How I’m NOT going to delete my Windows profile folder again?

So I deleted the complete profile folder under C:\Documents and Settings\<my user id> on my work machine. Everything under that was gone, except for a few read-only folders that survived. My Documents, Application Data, Desktop, Local Settings, Favorites…gone. My Outlook archives, my OneNote notes and a few years worth of accumulated documents…all done for. Plus all my Java projects, since I configured git under that folder and all my git projects were there.
How did I do that? Well…I was creating a new Java project using Eclipse to demo the use of excel-testng. But since I didn’t want to use the default workspace location, I specified the location where I keep the git projects, which happens to be the profile folder. Usually when I use the default location, eclipse creates a sub-folder under the default location with the same name as the project as below:
eclipse-defaultlocation
But when I didn’t use the default location, it didn’t create sub-folder with the project name.
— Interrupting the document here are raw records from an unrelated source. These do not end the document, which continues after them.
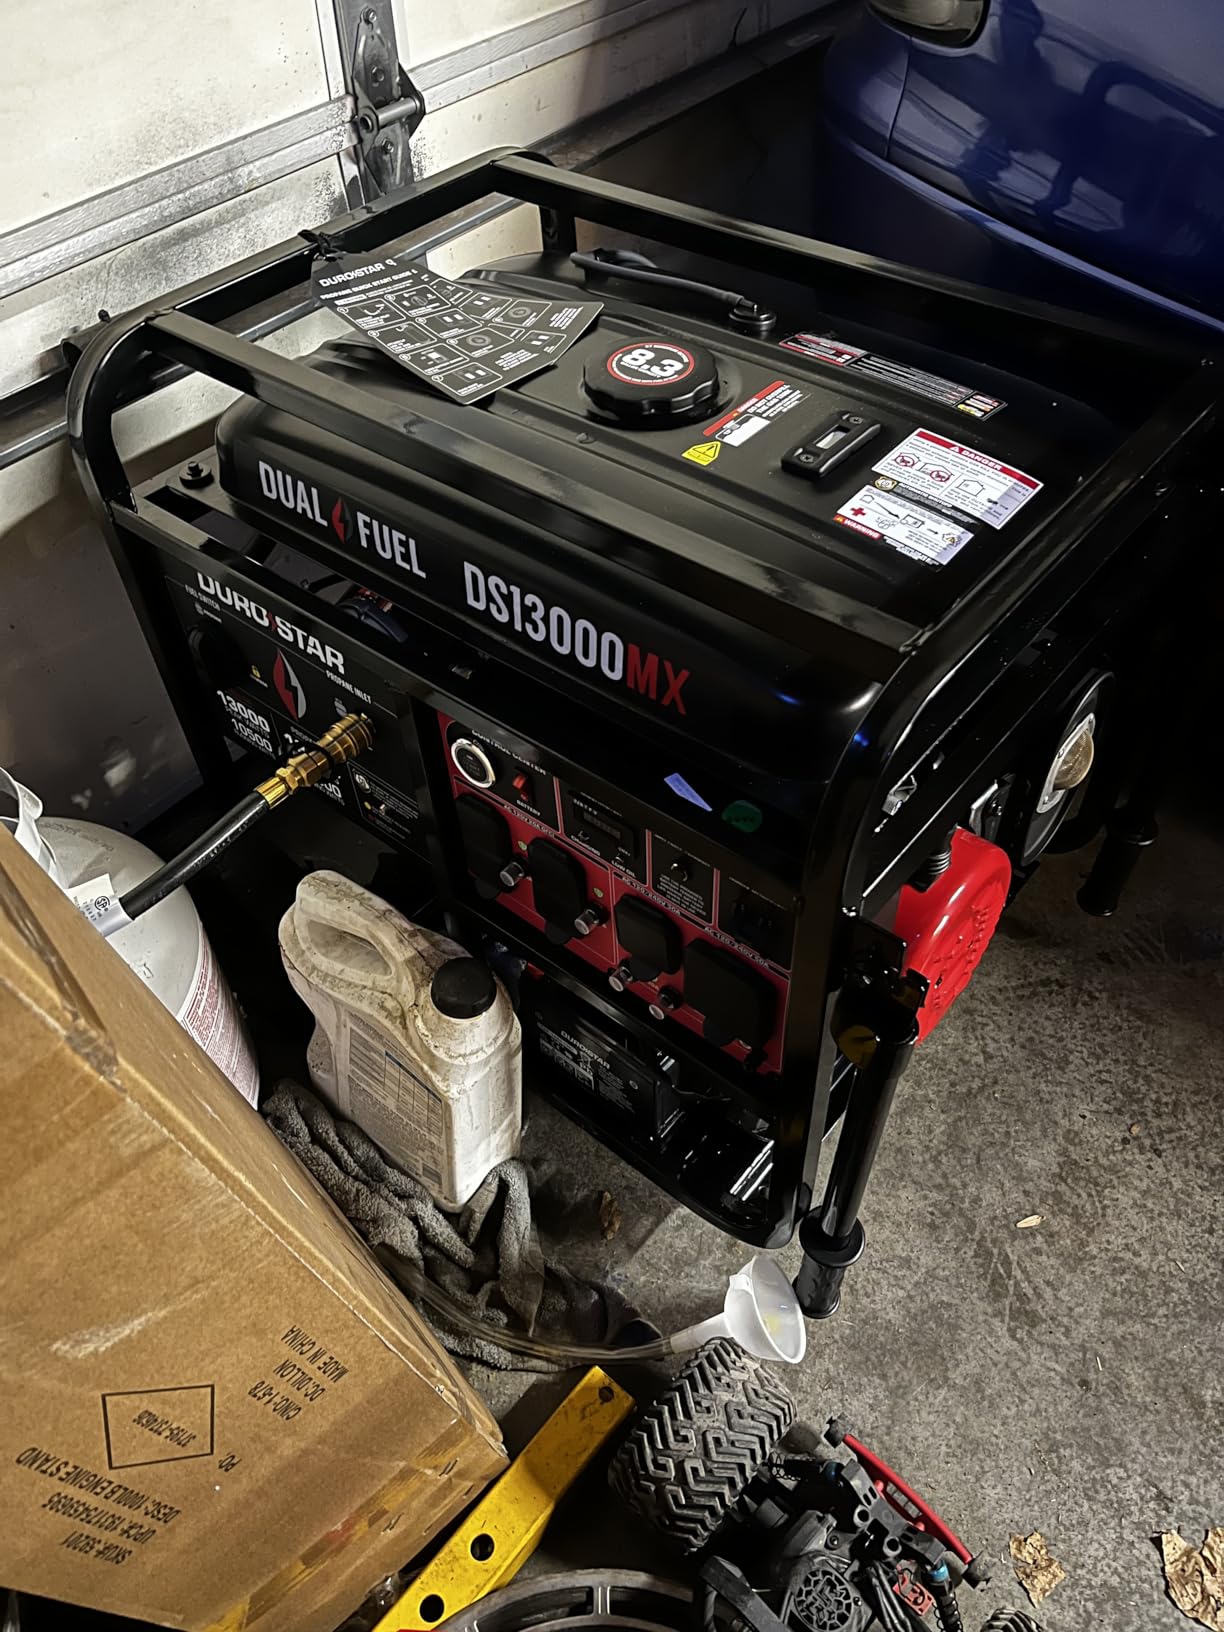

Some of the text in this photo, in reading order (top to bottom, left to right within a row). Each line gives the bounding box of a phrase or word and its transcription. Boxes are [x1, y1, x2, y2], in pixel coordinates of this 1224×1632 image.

[621, 348, 683, 377] 8.3
[961, 449, 1002, 471] DANGER
[259, 460, 425, 579] DUAL FUEL
[842, 519, 880, 538] WARNING
[464, 559, 691, 716] DS13000MX
[218, 688, 269, 733] 13000
[280, 1324, 349, 1383] MADE IN CHINA
[247, 1379, 279, 1406] 1-678
[272, 1358, 325, 1401] DC: DILLON
[14, 1445, 68, 1478] STAND
[218, 1451, 241, 1473] PO:
[61, 1464, 112, 1497] ENGINE
[143, 1499, 180, 1524] DESC:
[60, 1530, 101, 1555] 59201
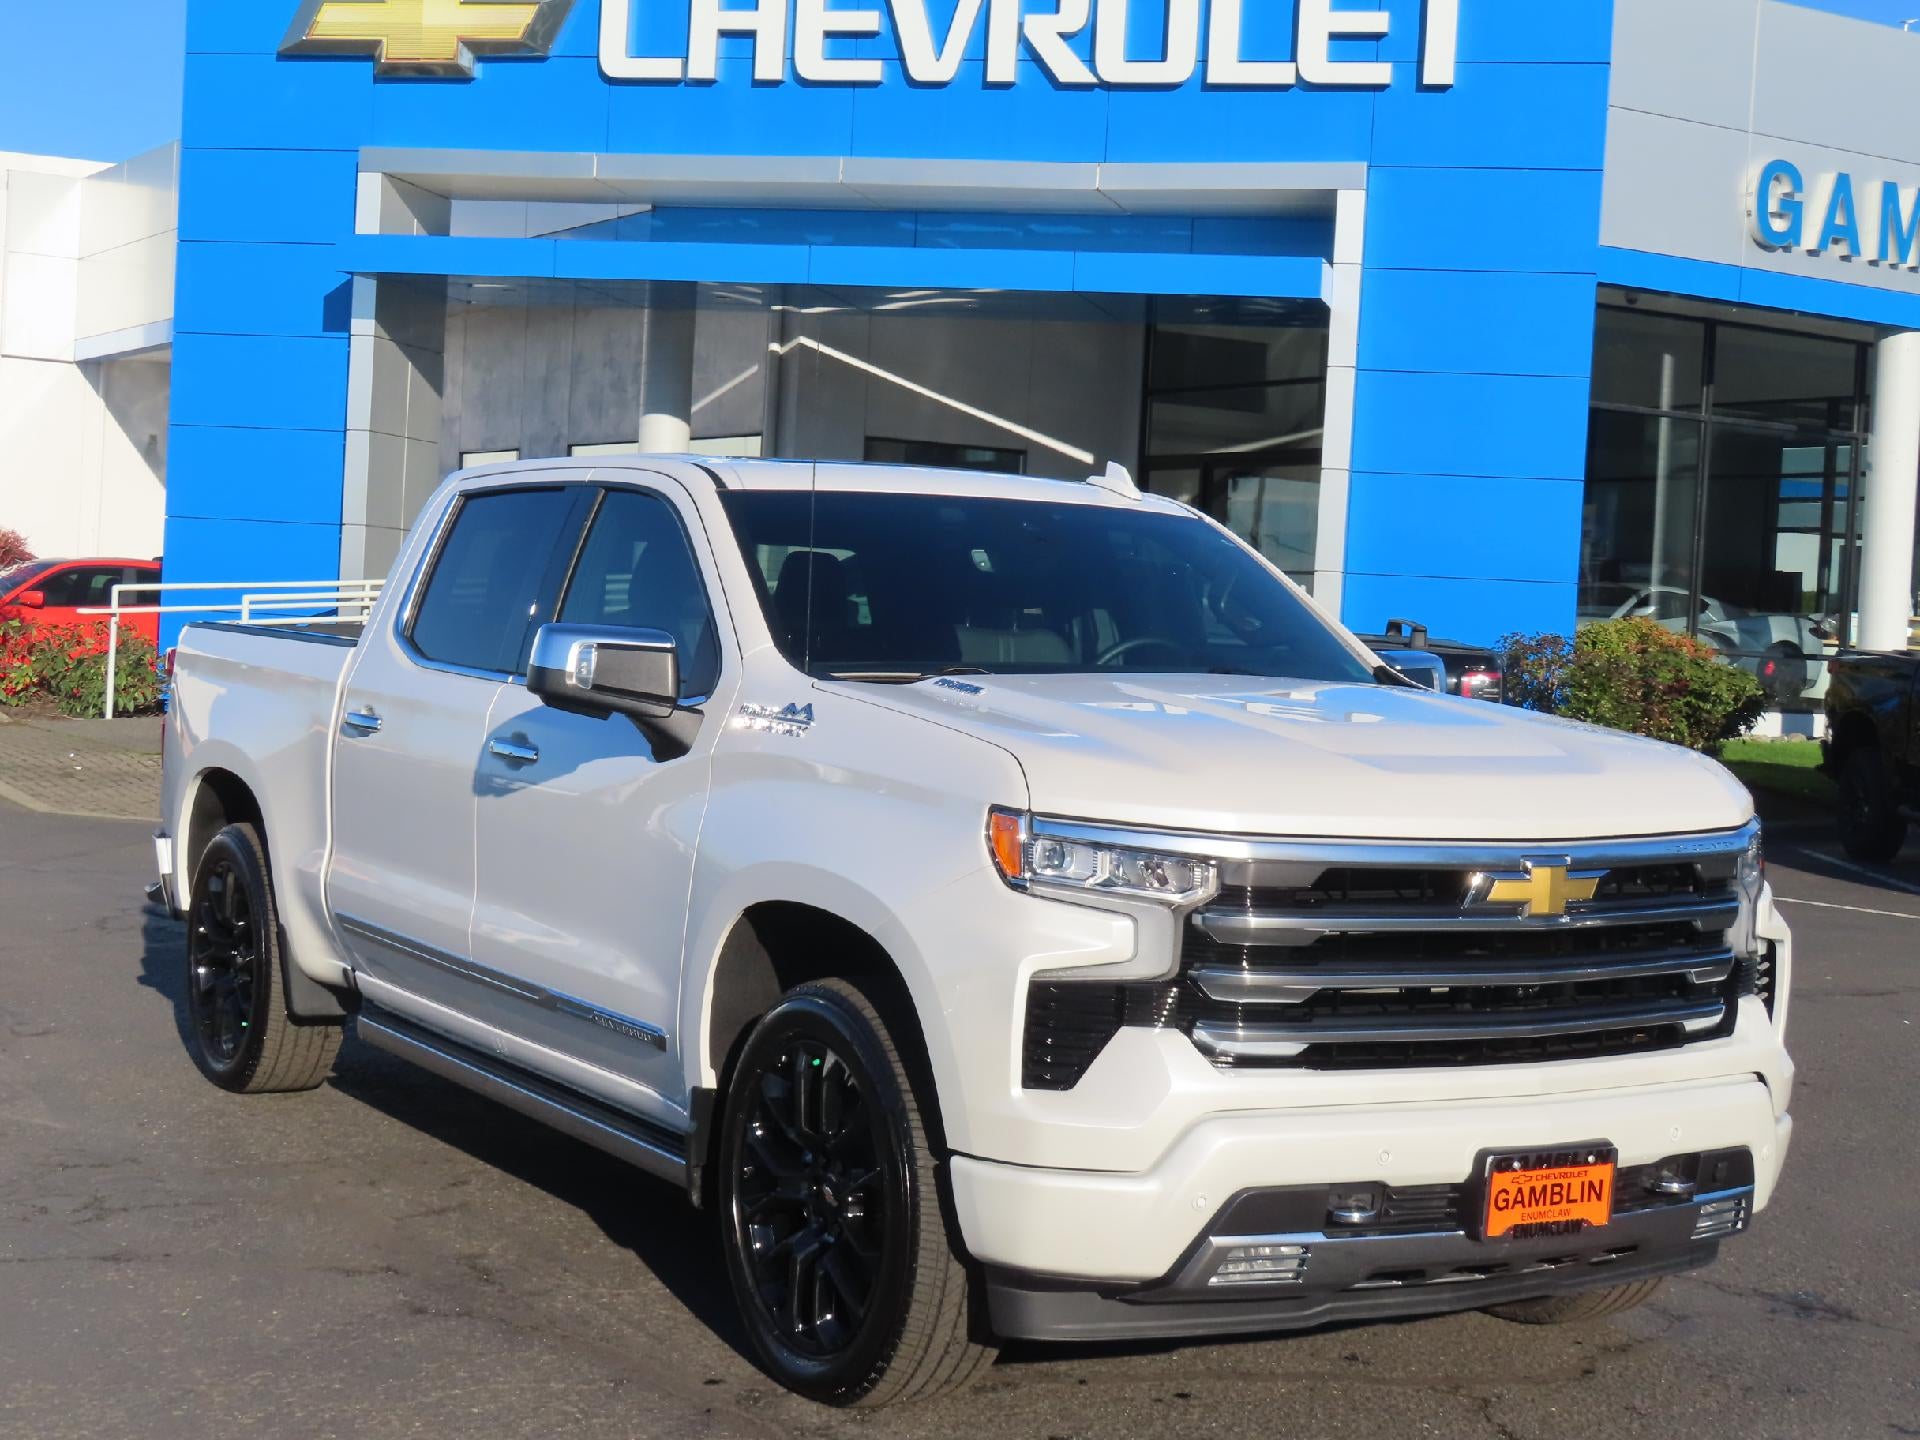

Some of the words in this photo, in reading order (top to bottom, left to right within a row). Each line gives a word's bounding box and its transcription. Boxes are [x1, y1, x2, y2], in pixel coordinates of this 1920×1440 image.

[1754, 158, 1920, 266] GAM
[1535, 1169, 1589, 1182] CHEVROLET
[1493, 1179, 1604, 1212] GAMBLIN
[1520, 1207, 1572, 1222] ENUMCLAW
It created the project right under that location!
eclipse-notdefaultlocation

And having not realized that and since I wanted to remove the project (can’t remember why), I proceeded to delete the project.
eclipse-deleteproject

Now, to be fair to myself and going back to that moment just before I clicked OK, I have never ever before needed to not delete the project contents from disk. The whole idea of deleting it from eclipse workspace has always been to get rid of the project, completely. And that’s what I did. At that time, I found it a little surprising that it was taking a little longer that usual. But it was 5pm on Friday evening and things usually get a little strange around that time, so I was ready for anything. Just not ready for what happened next.
It probably took me less than a few seconds to realize what had happened since I had an explorer window open on that folder, and I saw blank white screen where I had my profile folder contents previously. And I’m not going to mention the words that came out of my mouth next, or the next few hours I spent trying to restore the contents unsuccessfully and recreate the git projects.
There’s a happy ending to this: I had got my laptop replaced just a week ago and had a backup of most of that folder. I’ll most probably never find out if there was anything I was NOT able to recover, and that’s a good thing!

1 comment:

  1. This is serious!!!

    You must be very systematic and orderly. For me, I have so many different directories, portable harddisk, CD/DVDs, and the PCs (some PC have 5 harddisk)/laptops where I have copied different things at different times, if anyone were crashed and gone, which happened before, I really will not feel the impact, until much later when I really tried very hard to search for the stuff again. "Messy person" u can call me.